Set down the data below in full, exactly as it reads, but without the pictures.

==== RECORDS PROVIDED

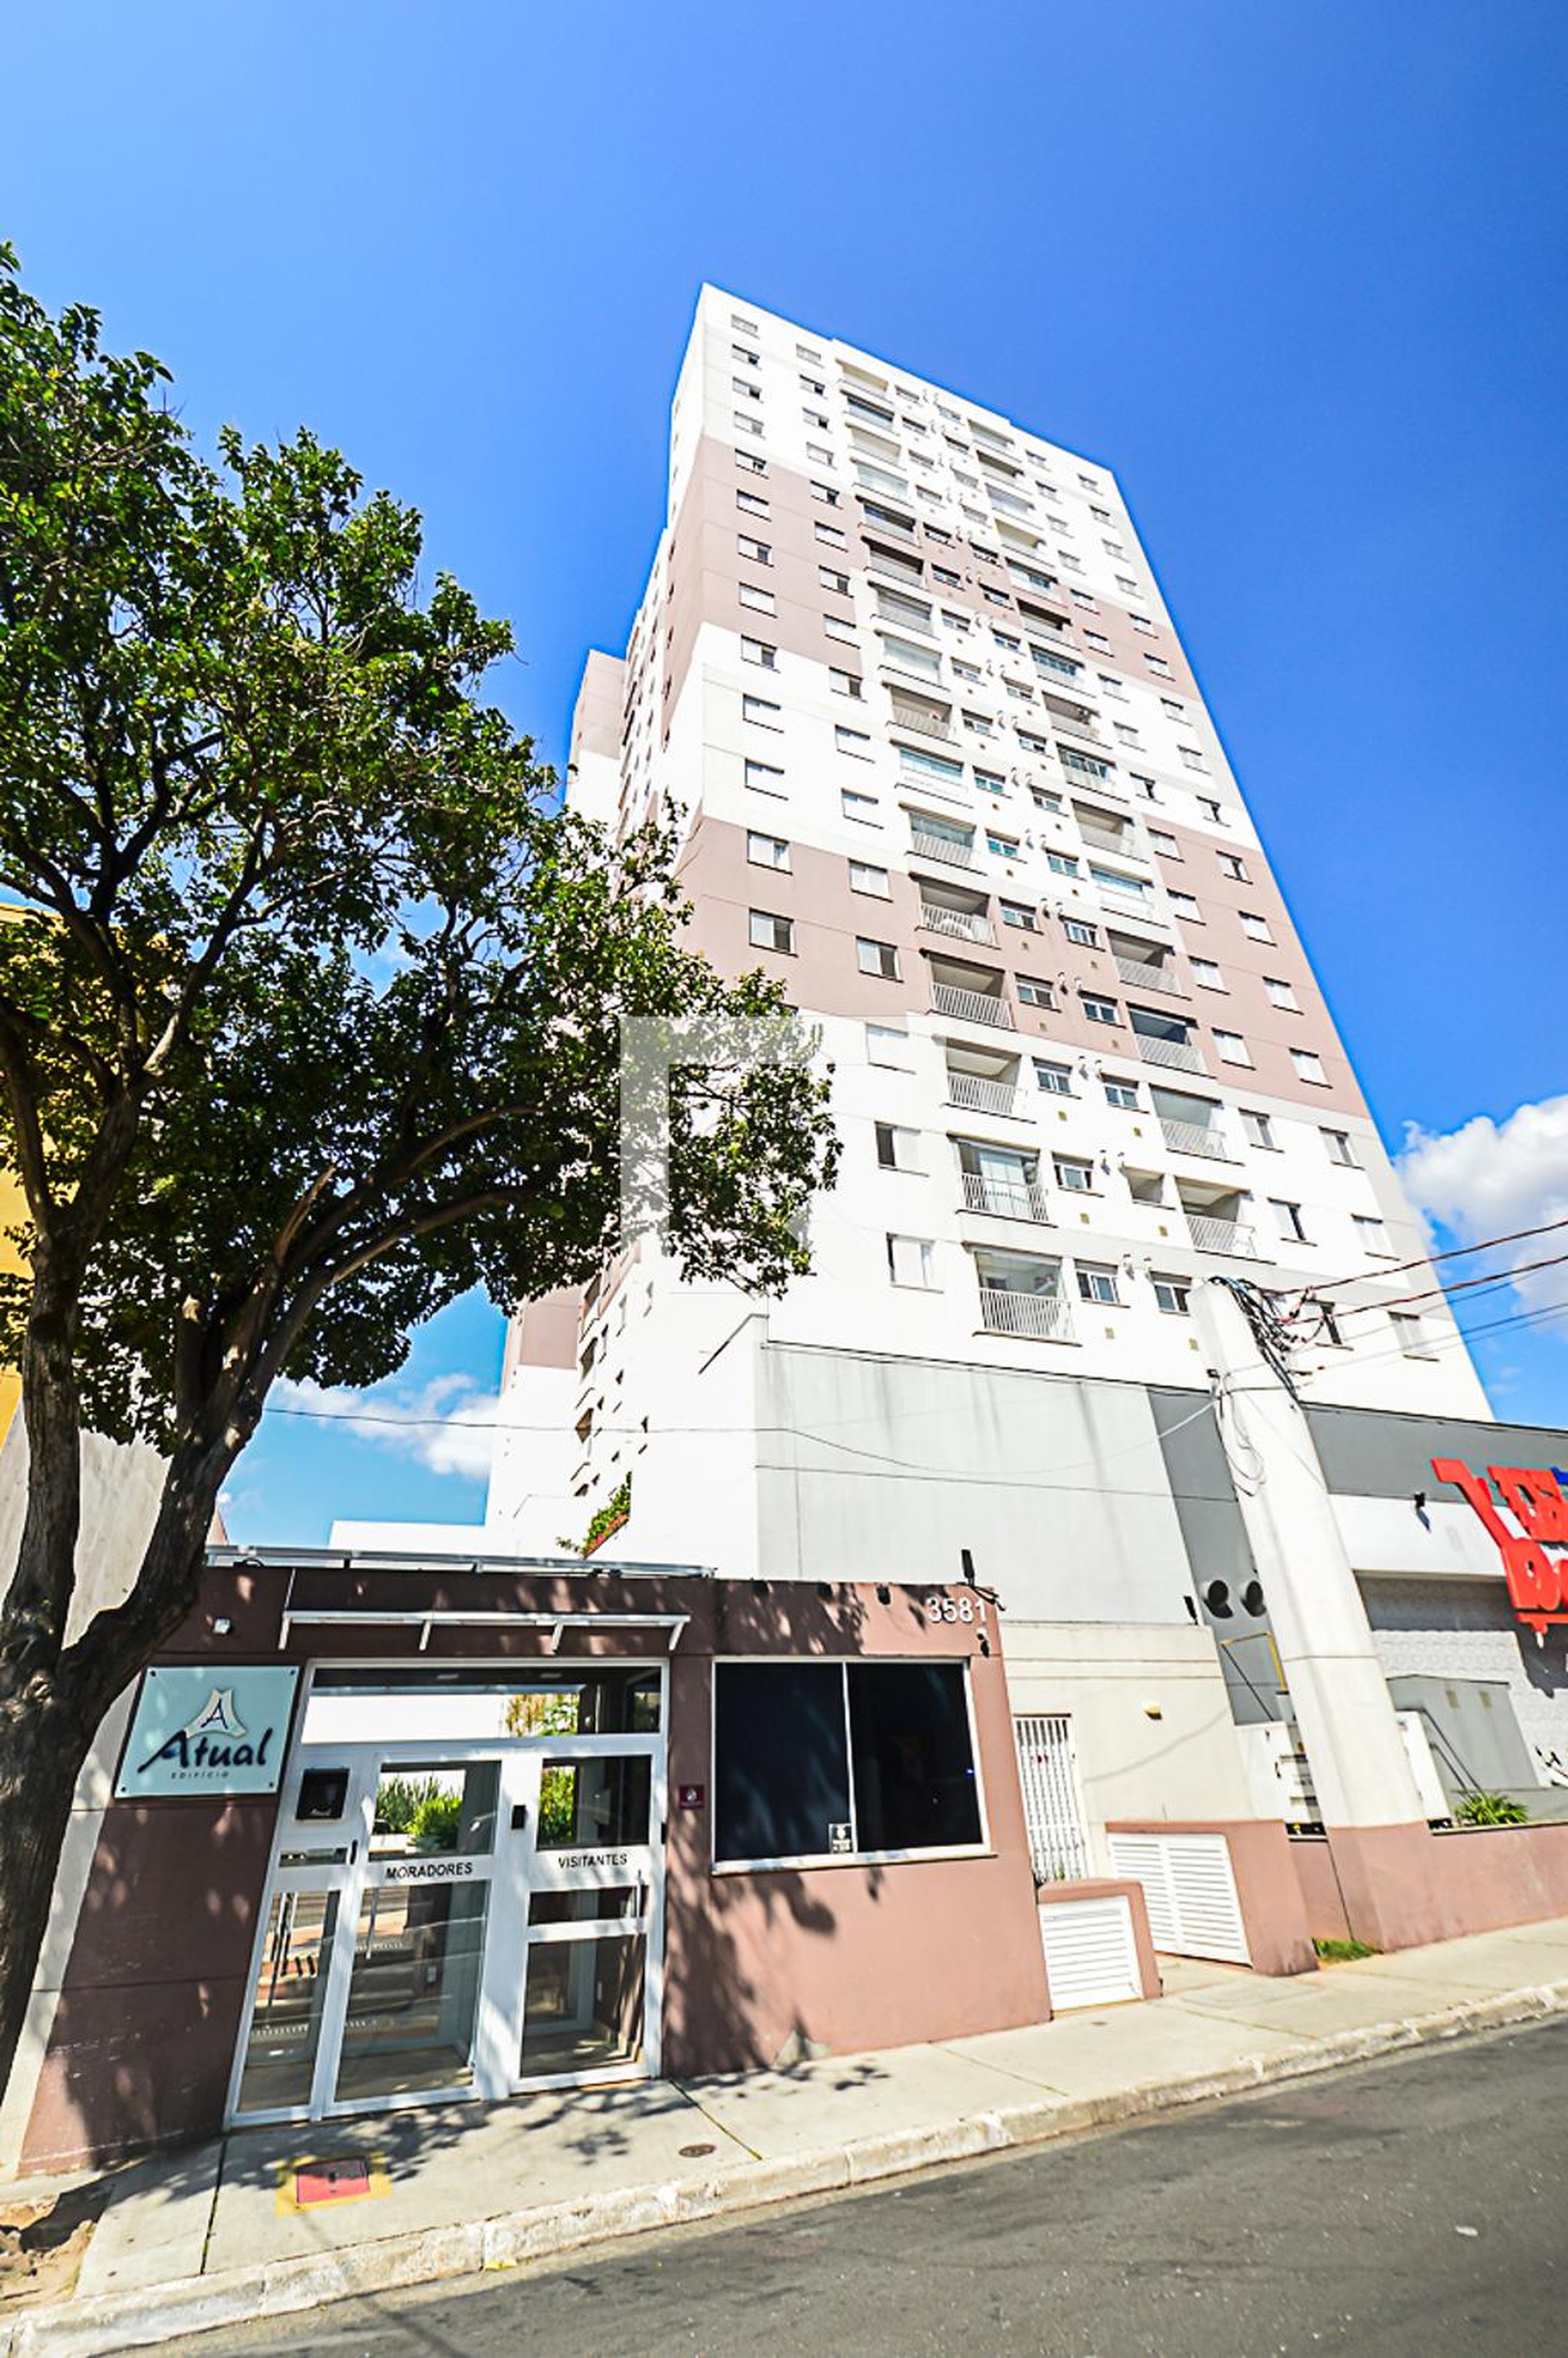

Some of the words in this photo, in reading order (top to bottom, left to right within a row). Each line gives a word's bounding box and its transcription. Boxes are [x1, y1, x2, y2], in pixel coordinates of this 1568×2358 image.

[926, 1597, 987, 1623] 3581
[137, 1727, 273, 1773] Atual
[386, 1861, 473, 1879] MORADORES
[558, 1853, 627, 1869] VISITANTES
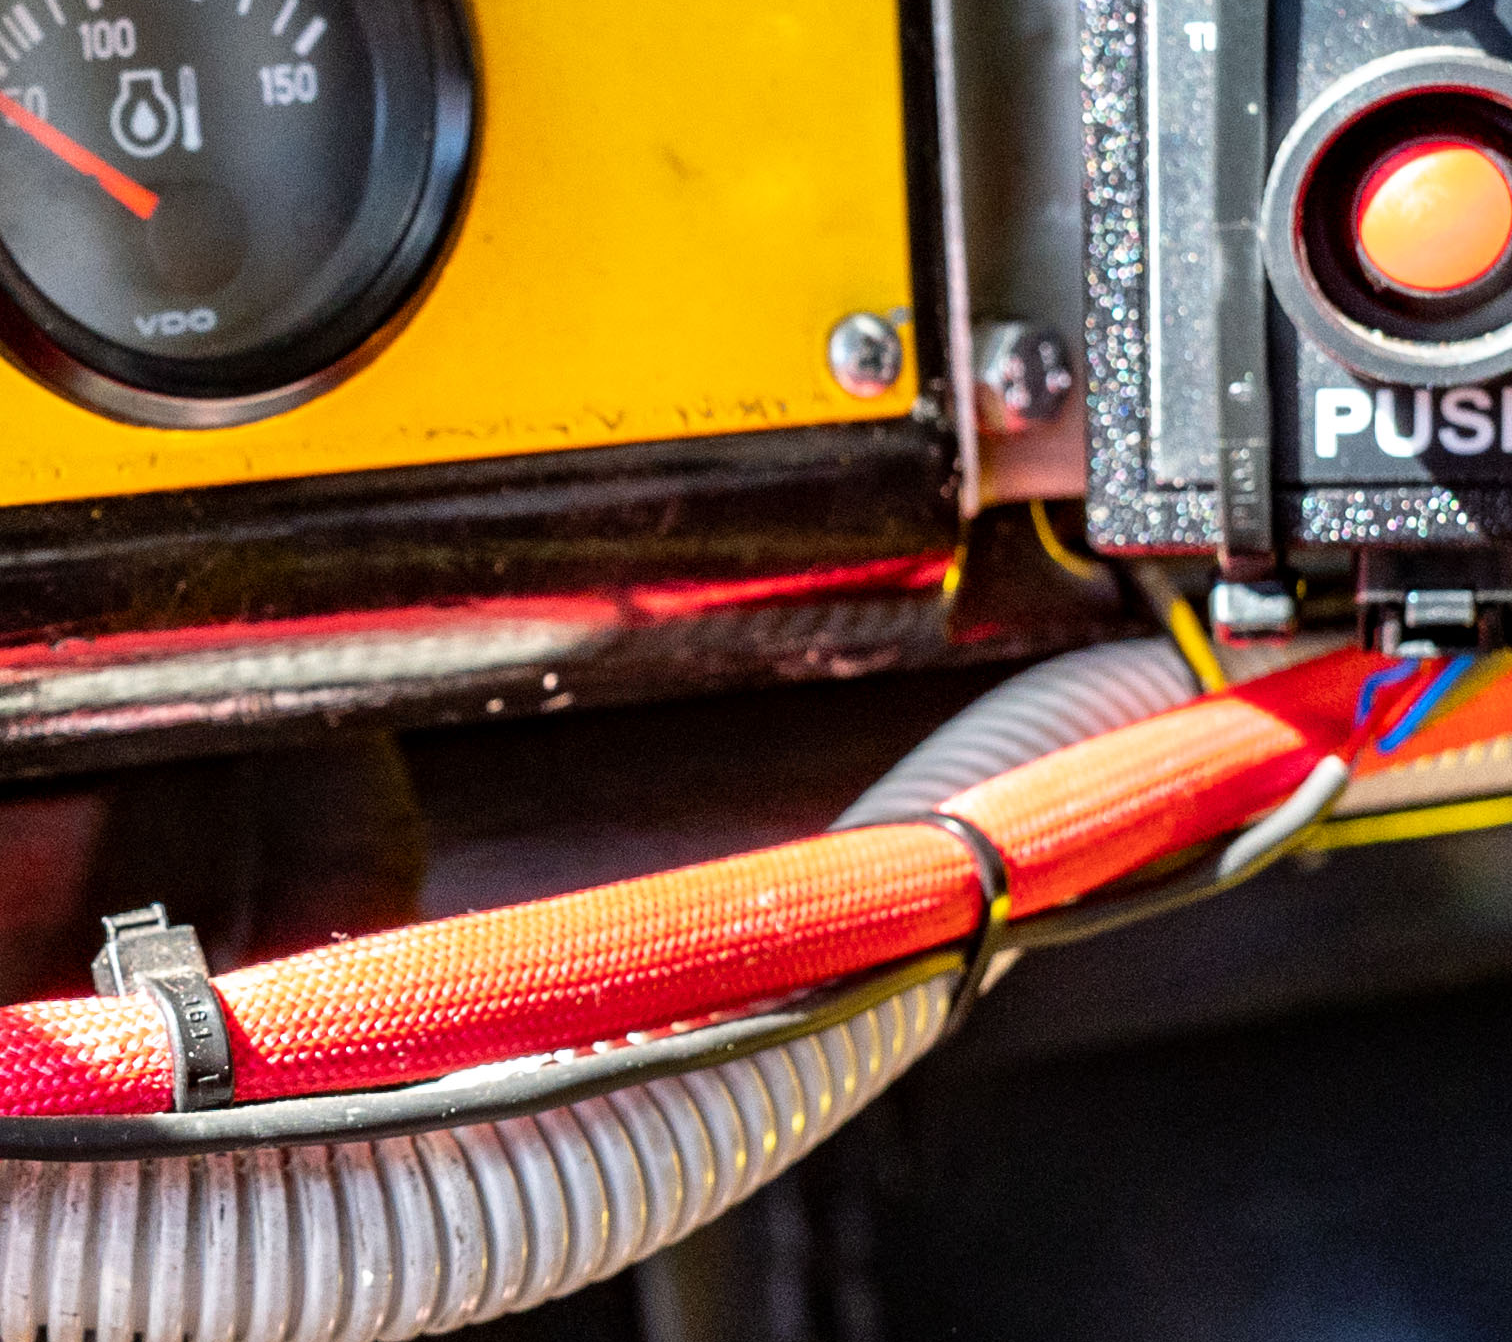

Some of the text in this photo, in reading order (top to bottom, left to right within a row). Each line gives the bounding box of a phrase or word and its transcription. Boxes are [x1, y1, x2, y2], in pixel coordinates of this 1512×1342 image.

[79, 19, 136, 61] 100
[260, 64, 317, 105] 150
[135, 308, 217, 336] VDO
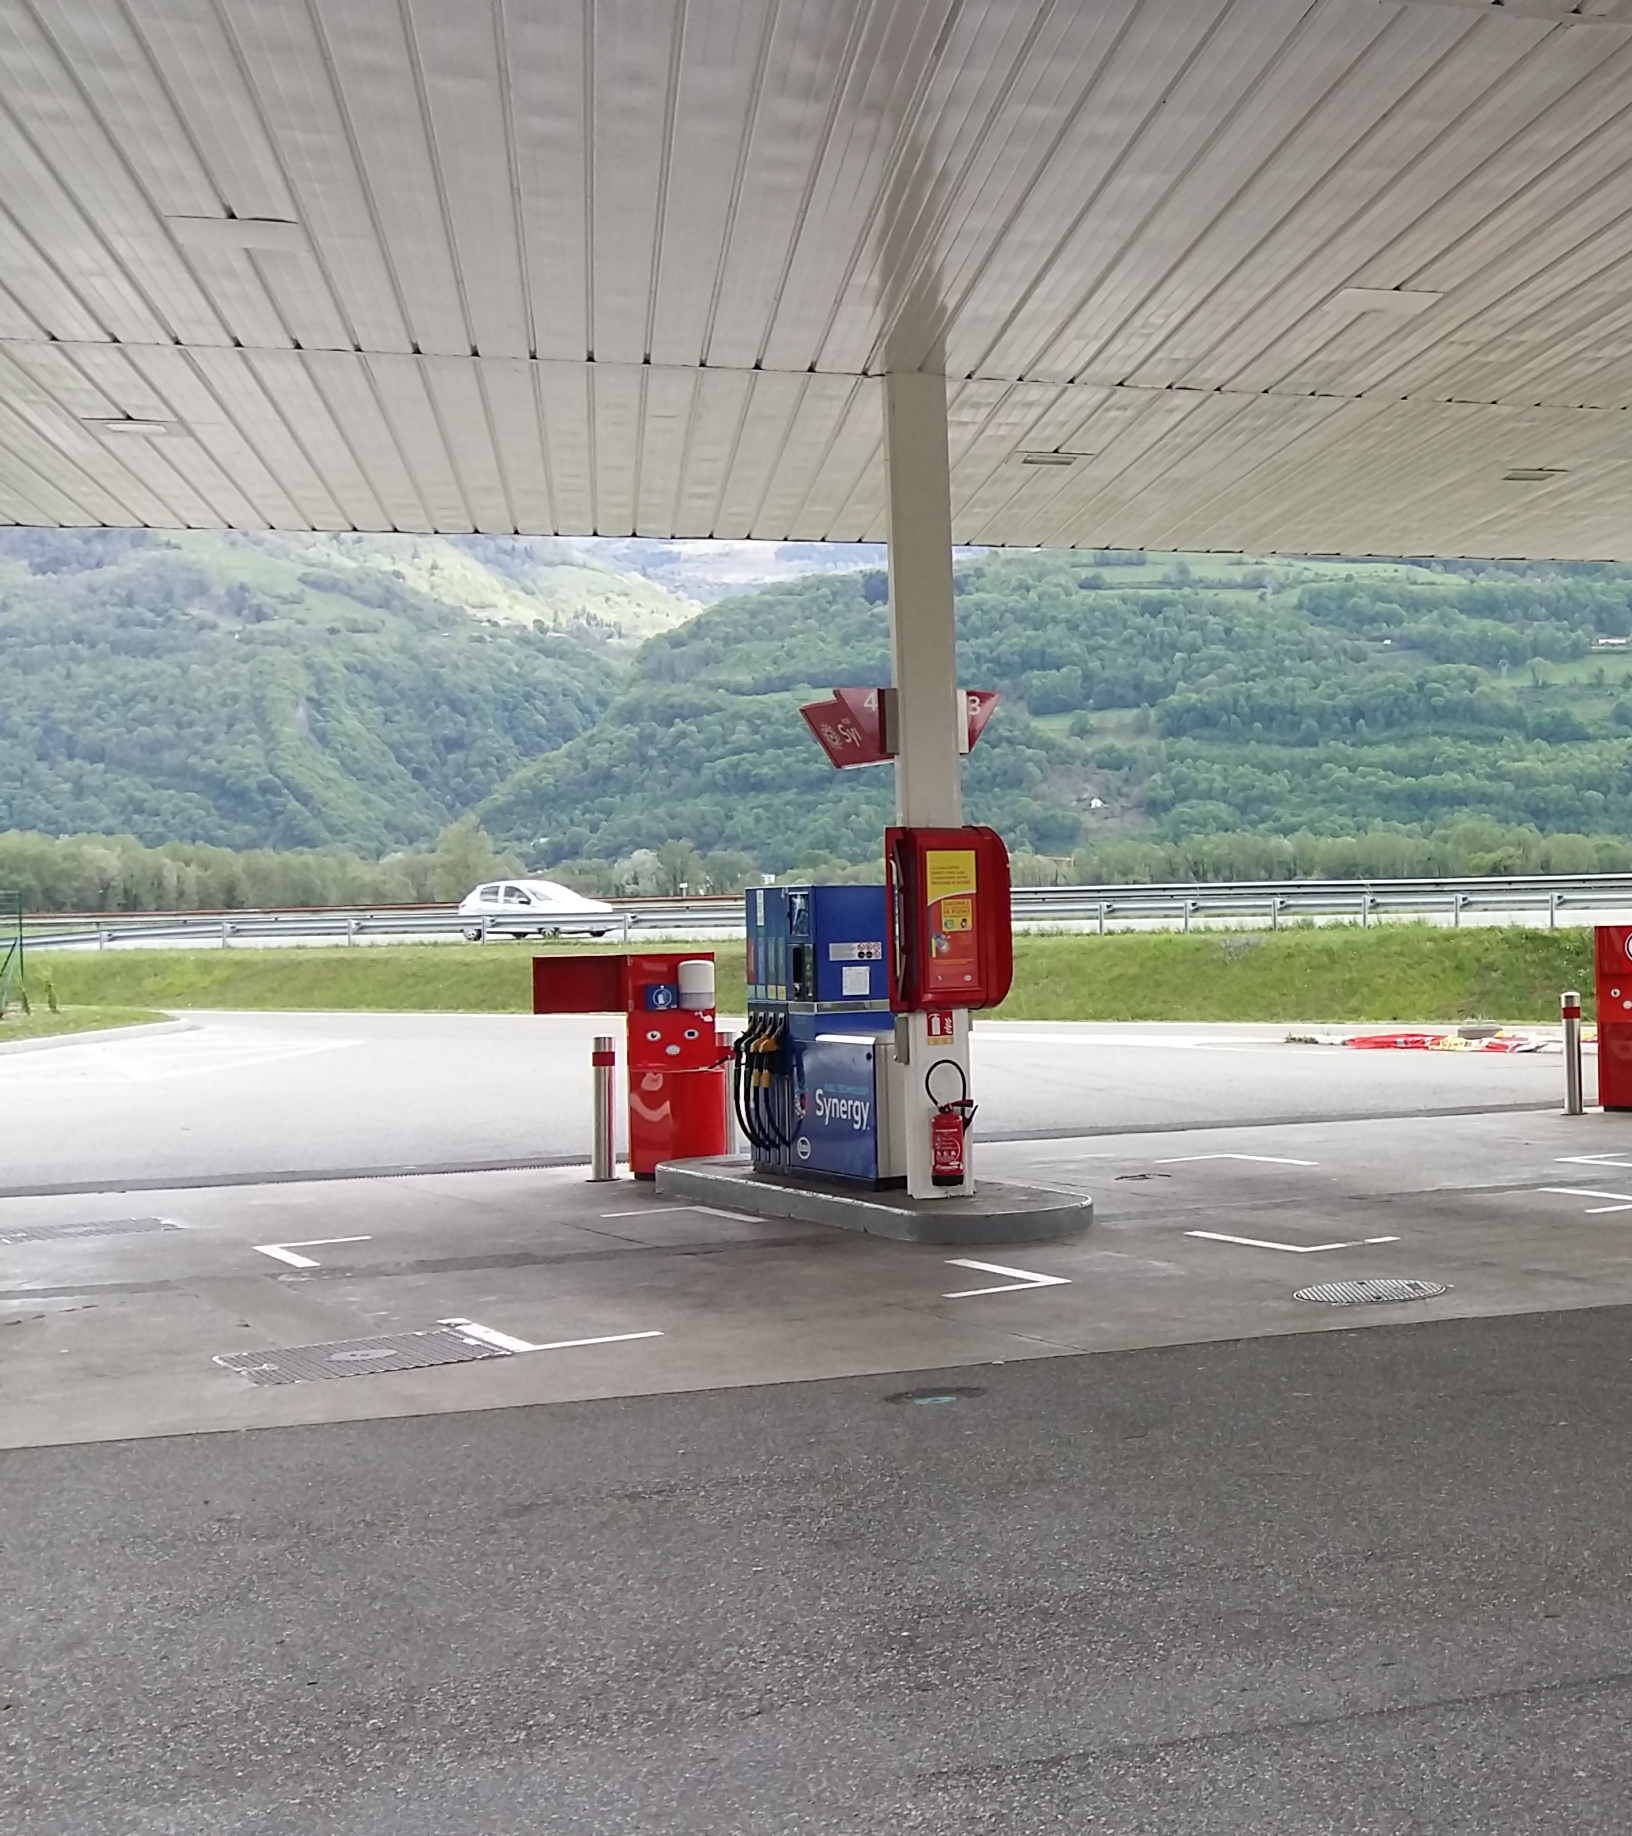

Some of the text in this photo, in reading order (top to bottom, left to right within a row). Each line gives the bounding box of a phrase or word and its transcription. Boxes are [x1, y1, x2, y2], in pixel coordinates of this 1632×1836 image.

========

* [ANSWER SPACE]:
Some of the words in this photo, in reading order (top to bottom, left to right within a row). Each line gives a word's bounding box and its transcription. Boxes are [x1, y1, x2, y2], in pixel coordinates of this 1568×2358 image.

[926, 1597, 987, 1623] 3581
[137, 1727, 273, 1773] Atual
[386, 1861, 473, 1879] MORADORES
[558, 1853, 627, 1869] VISITANTES

Some of the text in this photo, in reading order (top to bottom, left to right within a row). Each line gives the bounding box of a phrase or word and its transcription. Boxes are [x1, y1, x2, y2], in pixel coordinates of this 1512×1342 image.

[79, 19, 136, 61] 100
[260, 64, 317, 105] 150
[135, 308, 217, 336] VDO

Some of the text in this photo, in reading order (top to bottom, left to right within a row). Each line gives the bounding box of a phrase or word and its transcription. Boxes are [x1, y1, x2, y2], in pixel coordinates of this 1632×1836 image.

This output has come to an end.